Cuando encuentro una obra así en el bullicio de una feria no sé qué hacer con lo que veo. Entre la crispación que tenía como cualquiera que escuche a Losantos en el metro, la fatiga visual, el ritmo de mis compañeros de visita, y algún que otro comportamiento anómalo no descrito, se me complica la comprensión y el autor termina importándome un carajo. Entonces encontré algo desconocido, y la captura funcionó de manera diferente a la que me crea el reconocimiento más o menos concreto. Es decir, que no es lo mismo encontrarse un Rodchenko, un Picasso, que un Andew Warhola antes de ser el cósmico Warhol. El reconocimiento visual de un artista cuando ves una obra suya es la apoteosis del reclamo galerista: no tienes ni puta idea de lo que trata, pero lo conoces o te suena. Aparte, está el puro entendimiento de la obra sin tener en cuenta quién es, campo exclusivo de. Llevo un rato pensando y no se me ocurre nadie. Pero lo que venía diciendo, el encuentro con este enorme retrato me capturó de una manera ajena al conocimiento, fue una sensación instantánea de curiosidad dependiente de mis intereses. Cada uno con los suyos. Las ferias no ponen nada fácil este tipo de encuentros, evidendemente porque éstas no están hechas para el público sino para los compradores.

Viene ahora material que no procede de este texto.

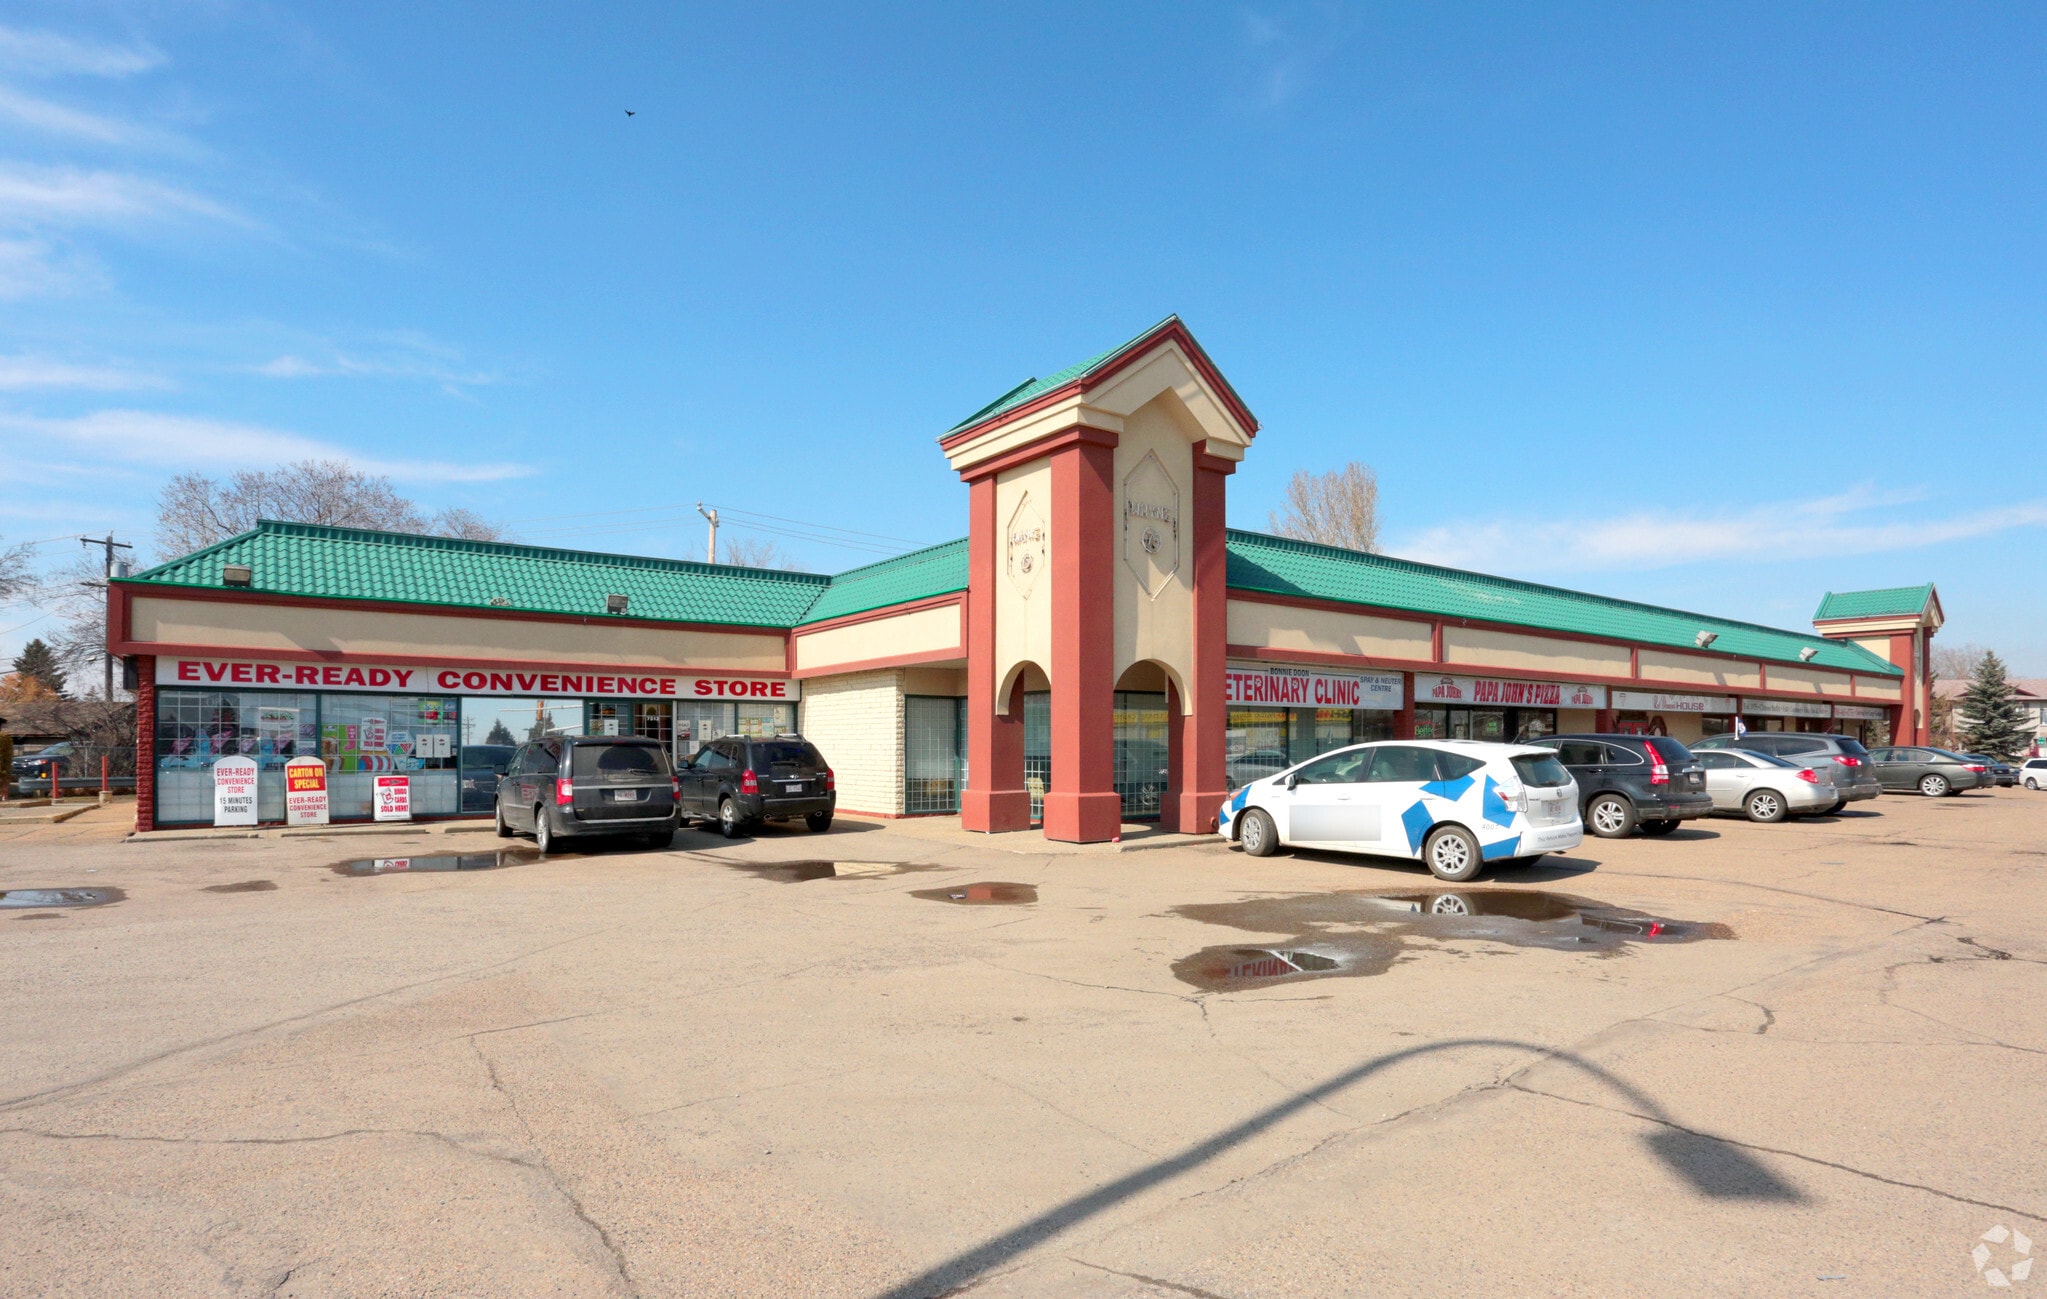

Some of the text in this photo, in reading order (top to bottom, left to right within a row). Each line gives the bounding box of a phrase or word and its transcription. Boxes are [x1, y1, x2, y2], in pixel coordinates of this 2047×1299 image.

[1270, 668, 1310, 677] BONNIE DOON
[178, 661, 786, 697] EVER-READY CONVENIENCE STORE
[1360, 676, 1374, 684] SPAY
[1381, 677, 1402, 685] NEUTER
[1226, 673, 1360, 705] ETERINARY CLINIC
[1370, 684, 1392, 692] CENTRE
[1473, 680, 1561, 704] PAPA JOHN'S PIZZA
[216, 767, 255, 776] EVER-READY
[289, 767, 323, 778] CARTON ON
[217, 777, 254, 785] CONVENIENCE
[294, 779, 319, 789] SPECIAL
[289, 796, 326, 804] EVER-READY

Los niños al carboncillo de Longo son niños anónimos coleccionados con la búsqueda de “sleep children” en las imágenes de Google. Recreados en un ambiente de infinita paz y de infinita tristeza, aspiran a crecer y convertirse en los pobladores de la Tierra del futuro. Me gusta mucho la descripción de la sombras como elementos relativos al tiempo, ya que estas enormes manchas oscuras terminas desconociendo si se refieren a ellos ahora en este momento o cuándo leches. Sugestiona mucho la placidez, la gigantez y la técnica, suaves trazos de carbón que duermen como los propios niños, para pensar que sus cabezas flotantes son importantísimas. El terror y la tranquilidad están ampliamente representados, por eso no se puede interpretar si es el principio o el fin.

Categoría: Pintura
Los coleccionistas de hoy no asisten a las grandes ferias de arte, como Arco o Basel, sino que navegan por la red al encuentro de sueños templados, que después convierten en piezas únicas y propias.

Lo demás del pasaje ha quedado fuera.